La primera sorpresa del año se llama Pillion. Una sorpresa inesperada, escondida entre el ruido que producen los Torrentes y las resacas pre y post galas de premios. Amplificada, además, por la ambigüedad de sus avivados carteles, lo desconocido de su realizador y por atreverse —en una época en la que parece que todo está ya visto— a proponer una asombrosa aproximación al amor o al sexo o a la toxicidad en las relaciones o al BDSM o a los melocotones en almíbar a los que se les echa unas gotas de Carolina Reaper.

No hay descubrimiento de la identidad. Hay descubrimiento de un estilo de relación al que acogerse.

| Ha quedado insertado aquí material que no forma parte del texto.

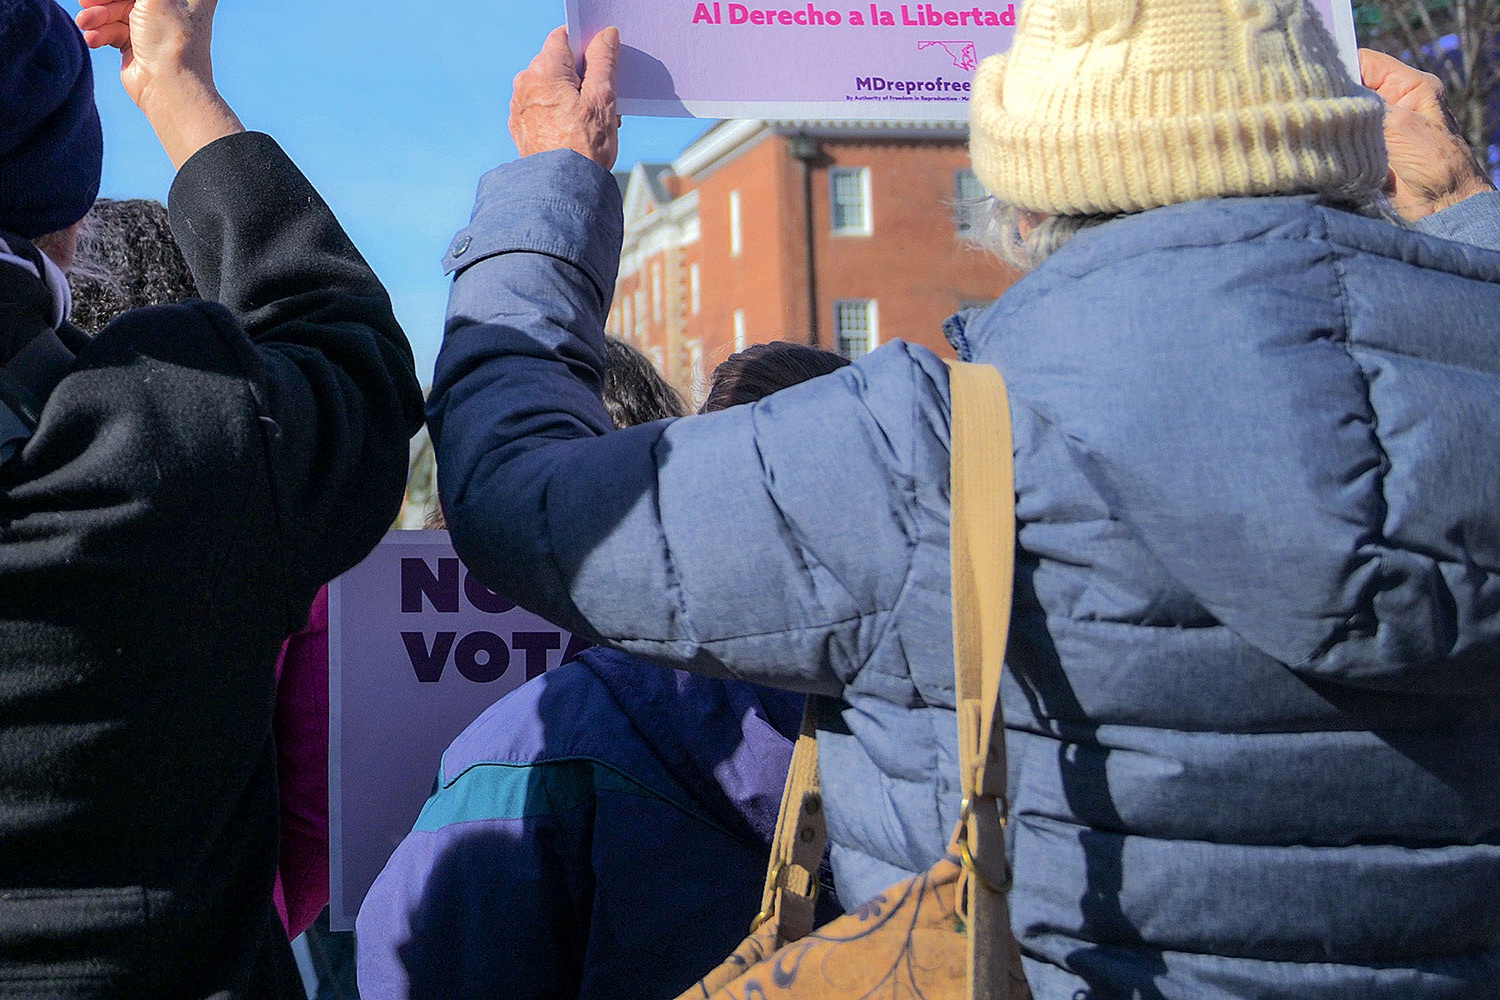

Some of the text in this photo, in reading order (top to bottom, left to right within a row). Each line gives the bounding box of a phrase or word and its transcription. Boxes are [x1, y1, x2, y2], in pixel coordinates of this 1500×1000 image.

No hay homofobia ni discrepancias extrañas ni conflictos manidos que desarrollen la narrativa. Y la oscuridad de los cuartos oscuros se cambia por la luminosidad de los espacios abiertos. Incluso el argumento funciona con cualquier sexualidad. Y, a pesar de todo esto, Harry Lighton sorprende con un relato poco complaciente que no busca dejar un posicionamiento ni una conclusión claras. Al contrario: lo que hace importante esta película es el difundir diversos puntos de vista y dejarte cavilando tras el visionado.

Pillion es ir de paquete en una motocicleta. Es saber qué tipo de persona te gusta, aunque para tu madre y para parte de la audiencia sea tóxica. Porque Colin se ha enamorado perdidamente de Ray. Y para estar con él, desordena su apacible vida, pasa por todos los aros y, por supuesto, cumple todas sus demandas. Se puede estar o no de acuerdo con el comportamiento de unos personajes que, hasta en las escenas de sexo, se definen como personas. Con la película yo estoy de acuerdo. Mucho.